Copy exactly the line containing "this 1288×966 image." and each line after it to the end of the listing, and output nothing else.

EXERCISE DATA:
---

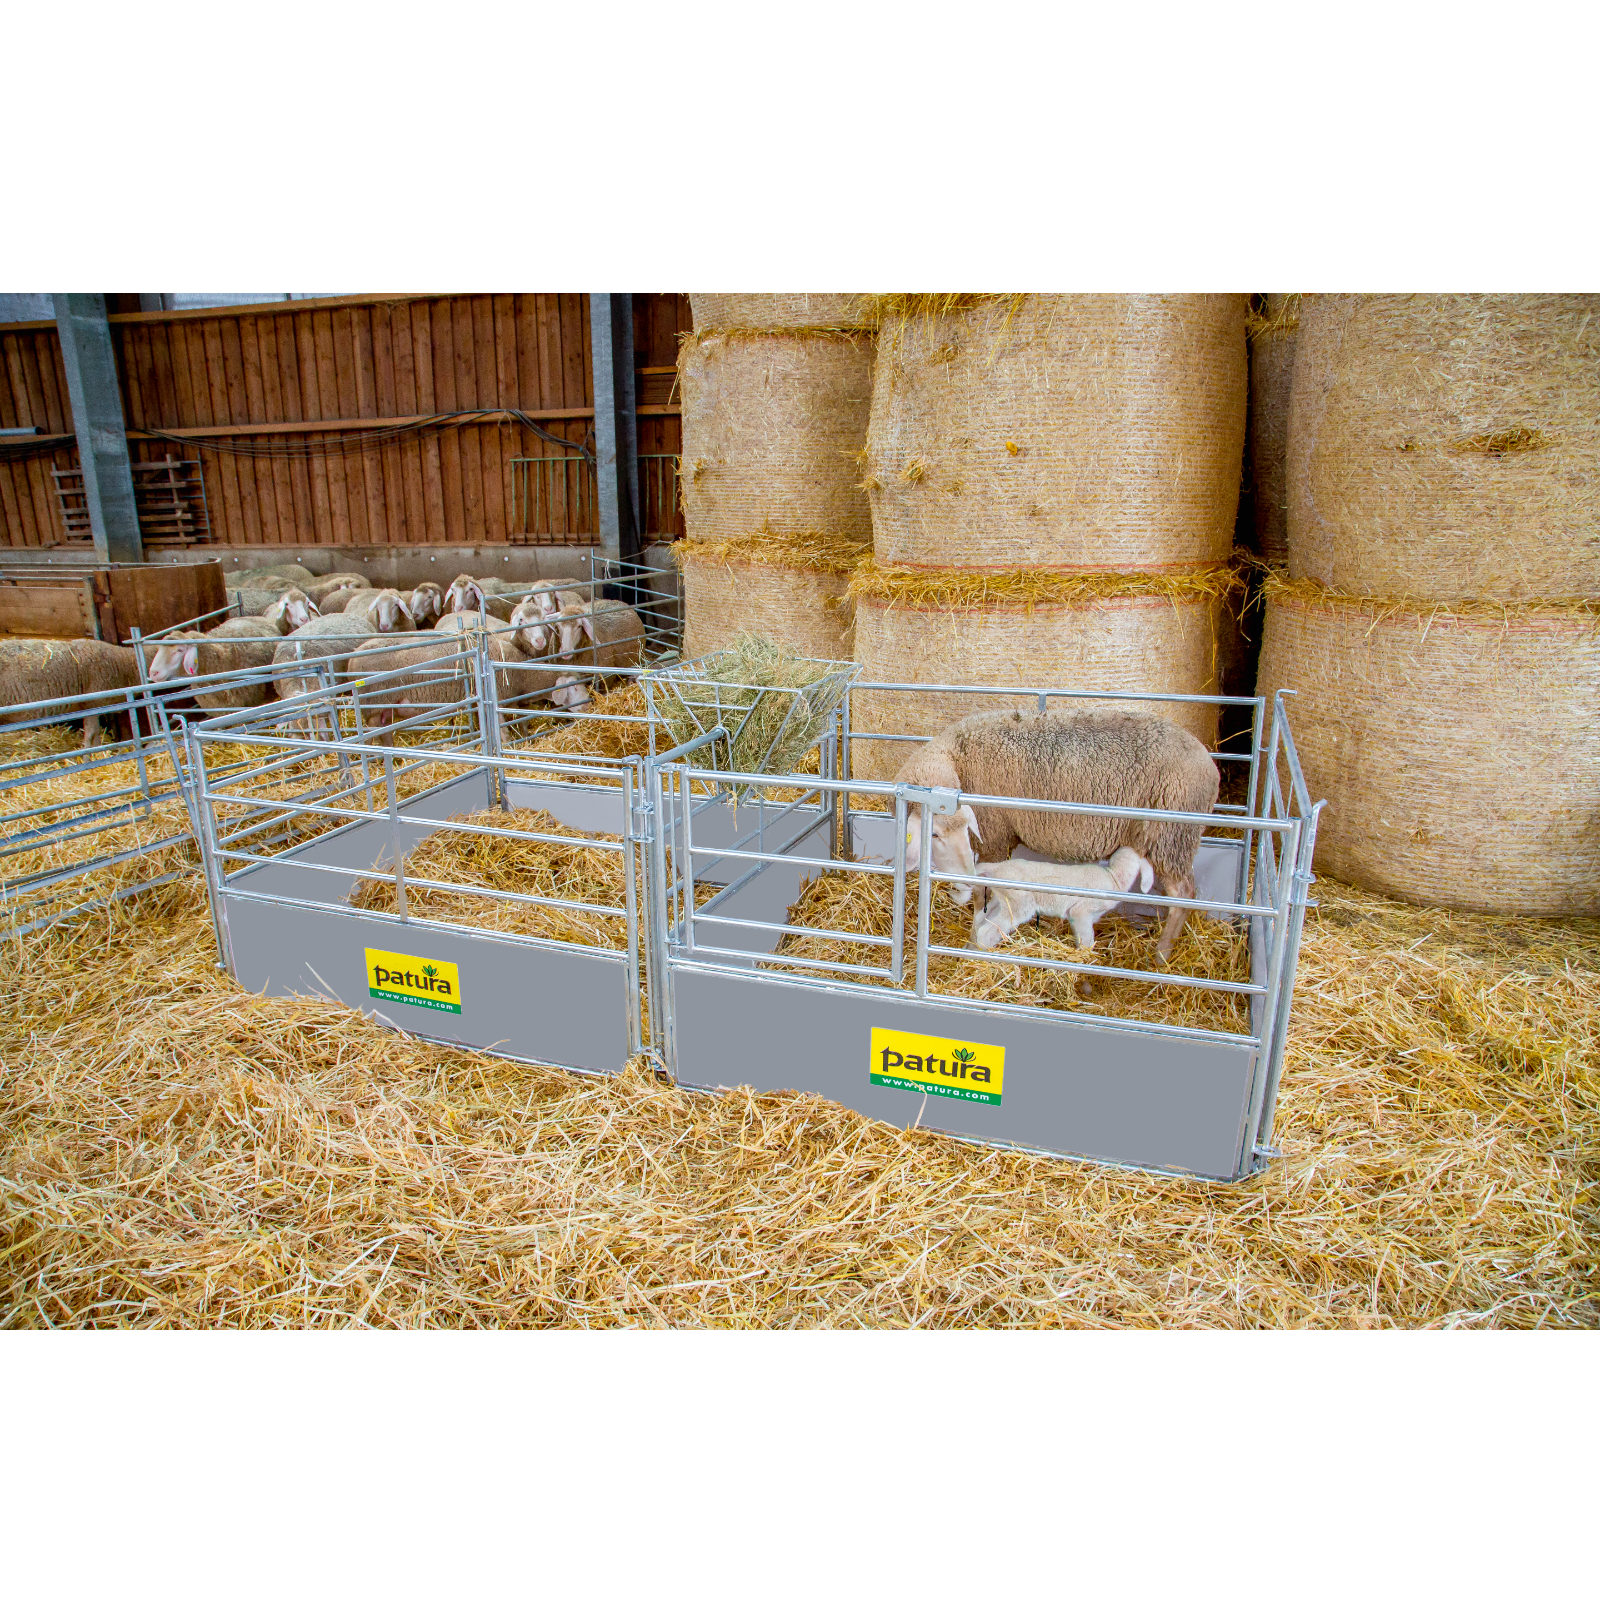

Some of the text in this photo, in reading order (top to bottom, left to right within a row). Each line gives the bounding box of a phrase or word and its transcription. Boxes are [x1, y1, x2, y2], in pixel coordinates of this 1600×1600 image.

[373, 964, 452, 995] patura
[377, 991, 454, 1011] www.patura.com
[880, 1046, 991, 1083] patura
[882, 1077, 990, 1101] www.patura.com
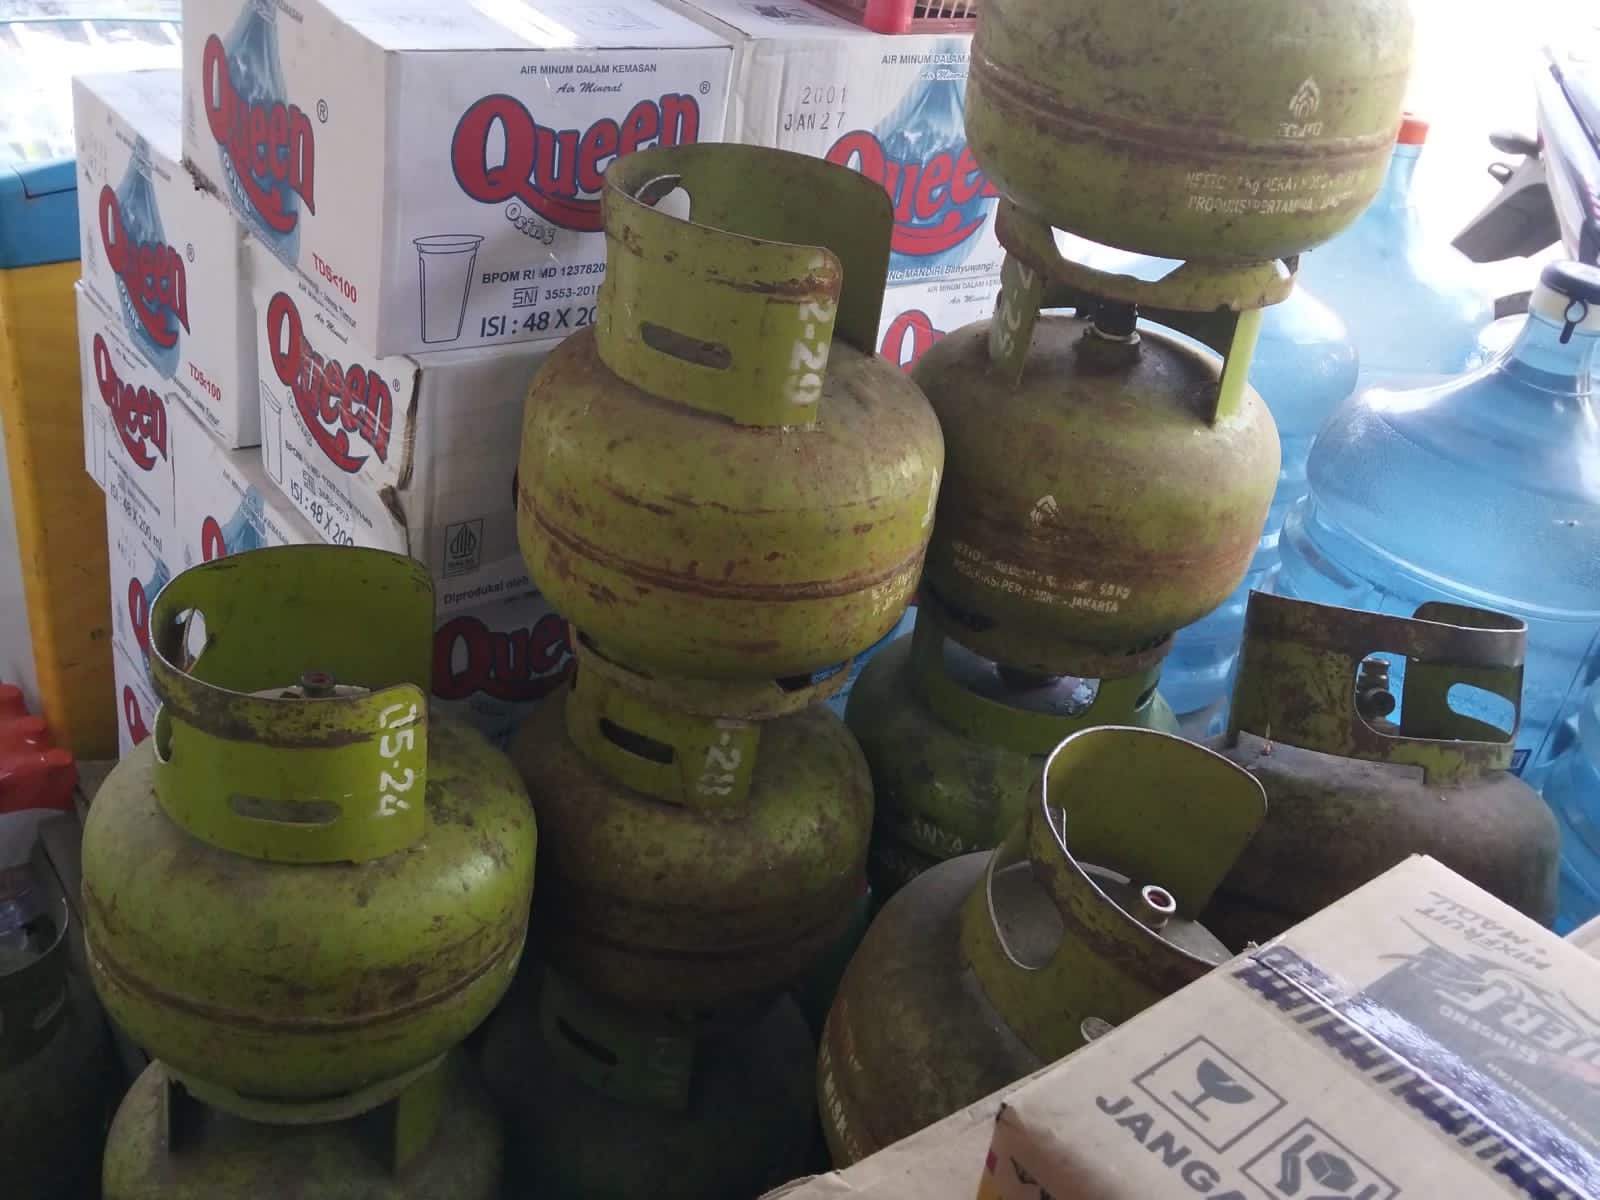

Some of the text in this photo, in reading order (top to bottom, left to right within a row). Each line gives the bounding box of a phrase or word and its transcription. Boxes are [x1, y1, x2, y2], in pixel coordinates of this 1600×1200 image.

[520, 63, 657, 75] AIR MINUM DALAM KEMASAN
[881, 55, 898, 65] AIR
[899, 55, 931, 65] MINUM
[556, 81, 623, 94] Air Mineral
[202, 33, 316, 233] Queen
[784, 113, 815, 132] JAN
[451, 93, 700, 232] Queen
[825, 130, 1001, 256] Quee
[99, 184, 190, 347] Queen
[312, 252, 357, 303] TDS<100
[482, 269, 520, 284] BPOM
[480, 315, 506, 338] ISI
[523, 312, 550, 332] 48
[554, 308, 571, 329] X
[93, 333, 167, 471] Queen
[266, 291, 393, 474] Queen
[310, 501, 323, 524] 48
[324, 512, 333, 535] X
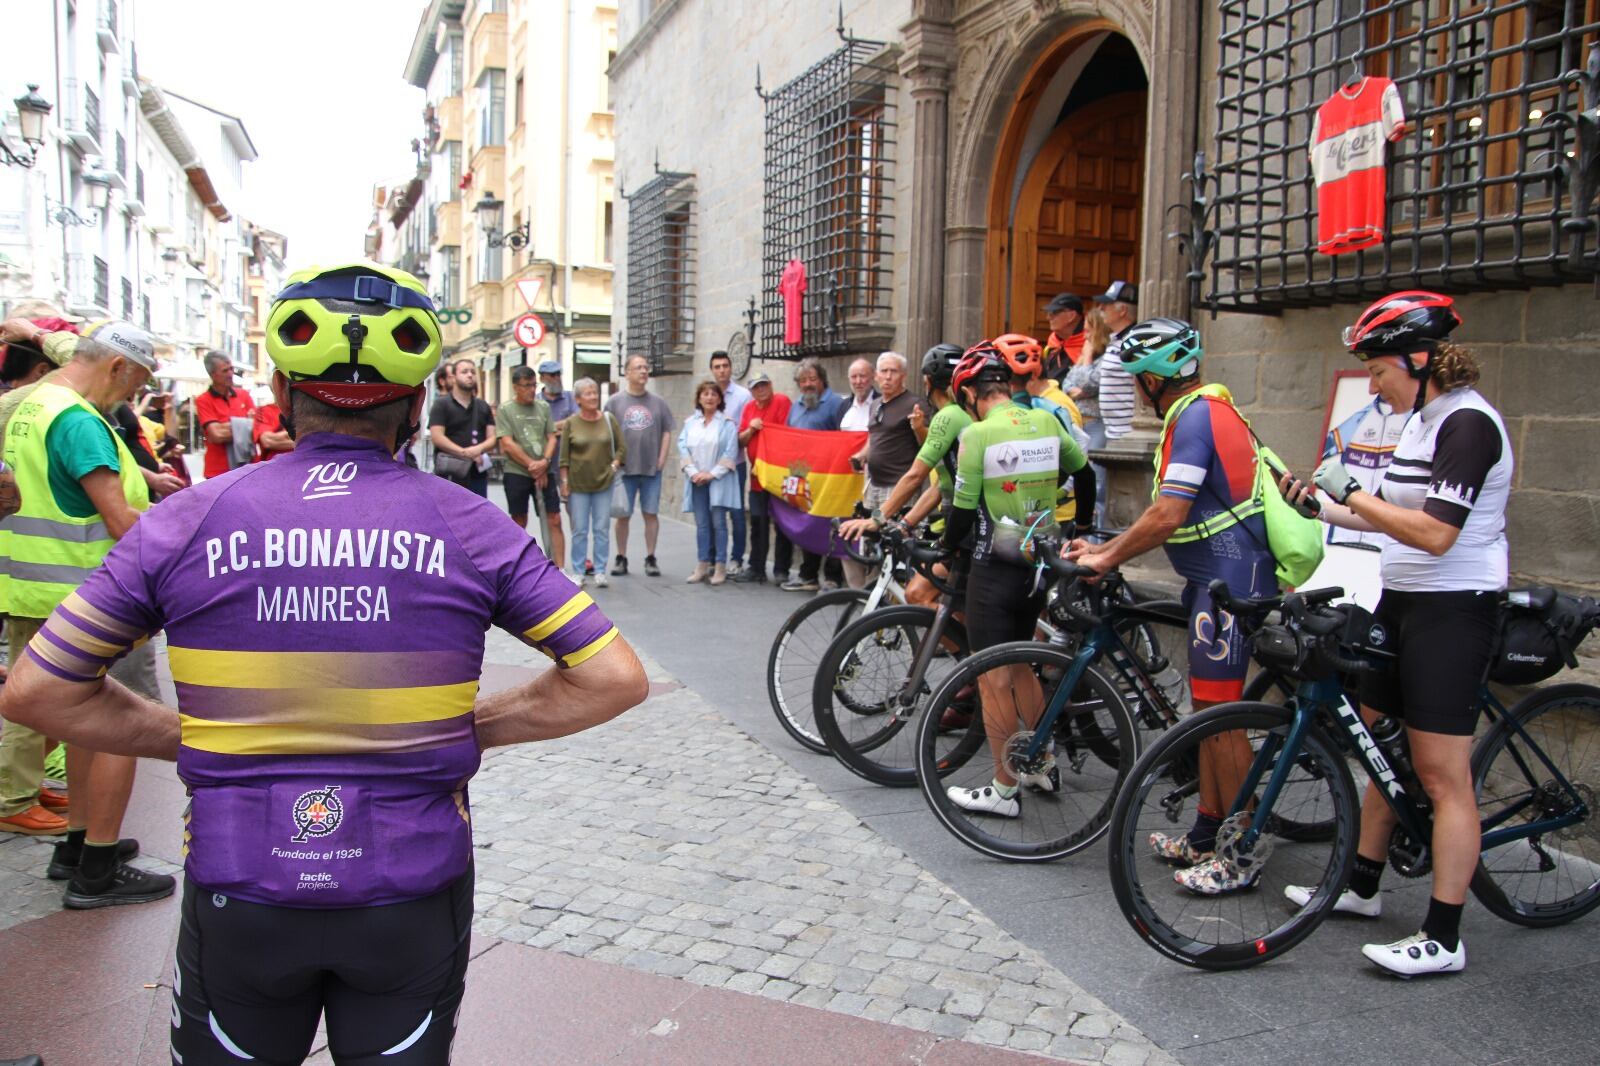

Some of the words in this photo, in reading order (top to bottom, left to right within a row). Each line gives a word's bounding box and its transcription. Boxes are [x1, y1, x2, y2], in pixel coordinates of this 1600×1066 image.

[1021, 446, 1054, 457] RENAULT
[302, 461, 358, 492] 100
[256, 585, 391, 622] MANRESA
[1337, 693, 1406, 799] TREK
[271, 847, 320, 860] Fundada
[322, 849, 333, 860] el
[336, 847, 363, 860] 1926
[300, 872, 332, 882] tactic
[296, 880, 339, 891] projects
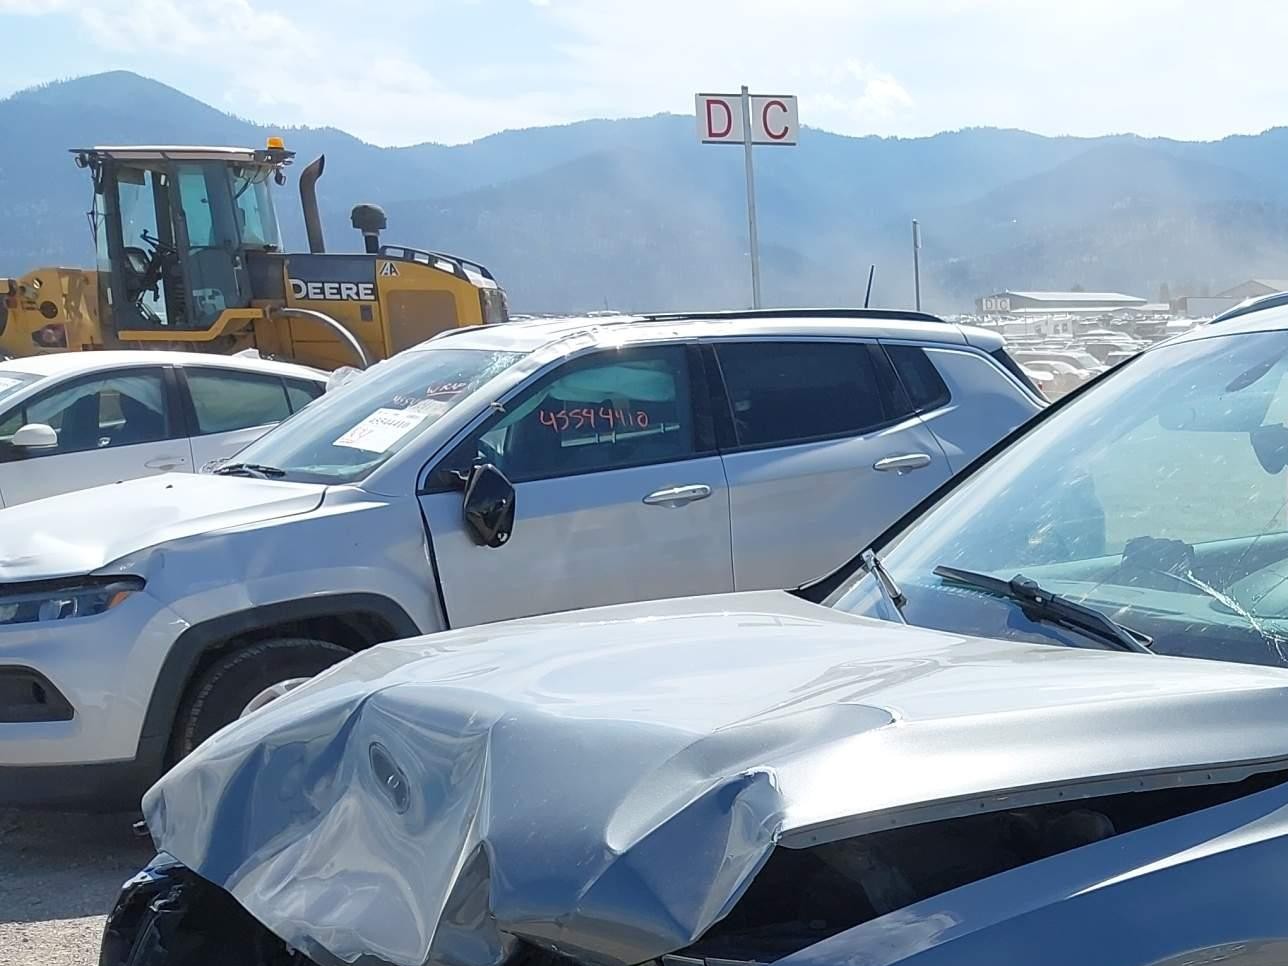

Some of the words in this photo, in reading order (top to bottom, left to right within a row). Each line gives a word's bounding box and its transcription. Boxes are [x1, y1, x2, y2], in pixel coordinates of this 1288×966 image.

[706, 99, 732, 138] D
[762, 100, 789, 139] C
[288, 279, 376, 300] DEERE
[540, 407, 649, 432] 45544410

---

RESULT OF THIS TASK:
Some of the words in this photo, in reading order (top to bottom, left to right within a row). Each line gives a word's bounding box and its transcription. Boxes are [x1, y1, x2, y2], in pixel coordinates of this 1288×966 image.

[706, 99, 732, 138] D
[762, 100, 789, 139] C
[288, 279, 376, 300] DEERE
[540, 407, 649, 432] 45544410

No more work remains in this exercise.